West Bengal assembly elections, 2011: Shyampur constituency
| Party |  | Candidate | Votes | % | ±% |
|---|---|---|---|---|---|
|  | AITC | Kalipada Mondal | 99,501 | 56.64 | +7.74# |
|  | AIFB | Minati Pramanik | 64,882 | 36.94 | −6.74 |
|  | BJP | Gour Mohan Das | 7,297 | 4.15 |  |
|  | People’s Democratic Conference of India | Aynul Molla | 3,978 |  |  |
| Turnout |  |  | 175,658 | 84.13 |  |
|  | AITC hold |  | Swing | 13.51# |  |

.# Swing calculated on Congress+Trinamool Congress vote percentages taken together in 2006.

=== 2006 ===
In 2006 and 2001 state assembly elections, Kali Pada Mandal of Trinamool Congress won the Shyampur assembly seat defeating his nearest rivals Asit Baran Sau and Jaladhar Samanta, both of Forward Bloc, respectively. Contests in most years were multi cornered but only winners and runners are being mentioned.
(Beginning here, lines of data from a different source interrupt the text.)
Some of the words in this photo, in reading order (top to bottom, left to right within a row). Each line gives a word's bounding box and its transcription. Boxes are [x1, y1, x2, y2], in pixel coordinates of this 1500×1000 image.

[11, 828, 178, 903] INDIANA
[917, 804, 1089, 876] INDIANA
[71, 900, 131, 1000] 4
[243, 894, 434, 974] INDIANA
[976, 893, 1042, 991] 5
Sanjib Kumar Das of Congress defeated Jaladhar Samanta and Gour Hari Adak, both of Forward Bloc, in 1996 and 1991 respectively. Gour Hari Adak of Forward Bloc defeated Sisir Kumar Sen of Congress in 1987 and 1982. Sasabindu Bera of Janata Party defeated Kishori Mohan Moinan of Forward Bloc in 1977.

=== 1972 ===
Sisir Kumar Sen of Congress won in 1972 and 1971. Sasabindu Bera representing Forward Bloc won in 1969 and !967. Murari Mohan Manya of Congress won in 1962. Sasabindu Bera representing Forward Bloc (Marxists) won in 1957. In independent India's first election in 1951, Sasabindu Bera representing Forward Bloc (Marxist Group) won the Shyampur seat.